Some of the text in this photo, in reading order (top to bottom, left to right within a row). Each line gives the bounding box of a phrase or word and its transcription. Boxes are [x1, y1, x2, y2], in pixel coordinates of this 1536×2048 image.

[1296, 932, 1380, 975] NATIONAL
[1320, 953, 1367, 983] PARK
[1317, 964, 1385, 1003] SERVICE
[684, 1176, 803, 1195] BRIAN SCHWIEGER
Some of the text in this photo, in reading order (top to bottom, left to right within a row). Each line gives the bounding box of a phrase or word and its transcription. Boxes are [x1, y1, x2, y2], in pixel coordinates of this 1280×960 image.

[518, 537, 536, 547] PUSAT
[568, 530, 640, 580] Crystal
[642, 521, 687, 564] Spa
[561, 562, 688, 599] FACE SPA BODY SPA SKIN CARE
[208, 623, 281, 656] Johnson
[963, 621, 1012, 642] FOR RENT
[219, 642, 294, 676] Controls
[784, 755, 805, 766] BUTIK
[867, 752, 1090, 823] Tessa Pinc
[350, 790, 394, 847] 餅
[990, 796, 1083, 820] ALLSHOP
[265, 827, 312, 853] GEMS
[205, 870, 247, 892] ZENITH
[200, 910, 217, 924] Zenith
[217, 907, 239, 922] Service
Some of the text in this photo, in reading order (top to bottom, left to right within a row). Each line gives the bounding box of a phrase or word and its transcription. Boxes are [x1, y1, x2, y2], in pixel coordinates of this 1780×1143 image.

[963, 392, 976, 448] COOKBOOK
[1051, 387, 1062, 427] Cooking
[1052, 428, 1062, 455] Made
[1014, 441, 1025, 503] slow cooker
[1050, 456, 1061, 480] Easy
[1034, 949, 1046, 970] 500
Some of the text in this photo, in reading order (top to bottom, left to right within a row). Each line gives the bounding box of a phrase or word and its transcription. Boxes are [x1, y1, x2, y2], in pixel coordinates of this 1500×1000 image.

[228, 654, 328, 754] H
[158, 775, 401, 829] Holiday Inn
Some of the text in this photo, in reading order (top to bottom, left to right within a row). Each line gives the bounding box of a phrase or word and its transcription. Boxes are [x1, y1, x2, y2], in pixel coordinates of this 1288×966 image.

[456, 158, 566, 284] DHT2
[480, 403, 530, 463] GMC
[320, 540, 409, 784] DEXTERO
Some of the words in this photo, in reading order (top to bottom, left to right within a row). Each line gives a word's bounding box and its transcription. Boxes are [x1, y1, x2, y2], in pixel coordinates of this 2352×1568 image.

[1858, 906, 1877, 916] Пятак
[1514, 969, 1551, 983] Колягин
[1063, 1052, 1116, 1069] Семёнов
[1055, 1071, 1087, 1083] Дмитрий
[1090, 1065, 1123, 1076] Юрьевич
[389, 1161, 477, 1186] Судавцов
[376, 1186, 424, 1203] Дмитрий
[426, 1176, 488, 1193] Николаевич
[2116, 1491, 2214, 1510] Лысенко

# What you have to do
Output every line from the records, exactly as written.

# Output
Some of the text in this photo, in reading order (top to bottom, left to right within a row). Each line gives the bounding box of a phrase or word and its transcription. Boxes are [x1, y1, x2, y2], in pixel coordinates of this 1536×2048 image.

[1296, 932, 1380, 975] NATIONAL
[1320, 953, 1367, 983] PARK
[1317, 964, 1385, 1003] SERVICE
[684, 1176, 803, 1195] BRIAN SCHWIEGER
Some of the text in this photo, in reading order (top to bottom, left to right within a row). Each line gives the bounding box of a phrase or word and its transcription. Boxes are [x1, y1, x2, y2], in pixel coordinates of this 1280×960 image.

[518, 537, 536, 547] PUSAT
[568, 530, 640, 580] Crystal
[642, 521, 687, 564] Spa
[561, 562, 688, 599] FACE SPA BODY SPA SKIN CARE
[208, 623, 281, 656] Johnson
[963, 621, 1012, 642] FOR RENT
[219, 642, 294, 676] Controls
[784, 755, 805, 766] BUTIK
[867, 752, 1090, 823] Tessa Pinc
[350, 790, 394, 847] 餅
[990, 796, 1083, 820] ALLSHOP
[265, 827, 312, 853] GEMS
[205, 870, 247, 892] ZENITH
[200, 910, 217, 924] Zenith
[217, 907, 239, 922] Service
Some of the text in this photo, in reading order (top to bottom, left to right within a row). Each line gives the bounding box of a phrase or word and its transcription. Boxes are [x1, y1, x2, y2], in pixel coordinates of this 1780×1143 image.

[963, 392, 976, 448] COOKBOOK
[1051, 387, 1062, 427] Cooking
[1052, 428, 1062, 455] Made
[1014, 441, 1025, 503] slow cooker
[1050, 456, 1061, 480] Easy
[1034, 949, 1046, 970] 500
Some of the text in this photo, in reading order (top to bottom, left to right within a row). Each line gives the bounding box of a phrase or word and its transcription. Boxes are [x1, y1, x2, y2], in pixel coordinates of this 1500×1000 image.

[228, 654, 328, 754] H
[158, 775, 401, 829] Holiday Inn
Some of the text in this photo, in reading order (top to bottom, left to right within a row). Each line gives the bounding box of a phrase or word and its transcription. Boxes are [x1, y1, x2, y2], in pixel coordinates of this 1288×966 image.

[456, 158, 566, 284] DHT2
[480, 403, 530, 463] GMC
[320, 540, 409, 784] DEXTERO
Some of the words in this photo, in reading order (top to bottom, left to right within a row). Each line gives a word's bounding box and its transcription. Boxes are [x1, y1, x2, y2], in pixel coordinates of this 2352×1568 image.

[1858, 906, 1877, 916] Пятак
[1514, 969, 1551, 983] Колягин
[1063, 1052, 1116, 1069] Семёнов
[1055, 1071, 1087, 1083] Дмитрий
[1090, 1065, 1123, 1076] Юрьевич
[389, 1161, 477, 1186] Судавцов
[376, 1186, 424, 1203] Дмитрий
[426, 1176, 488, 1193] Николаевич
[2116, 1491, 2214, 1510] Лысенко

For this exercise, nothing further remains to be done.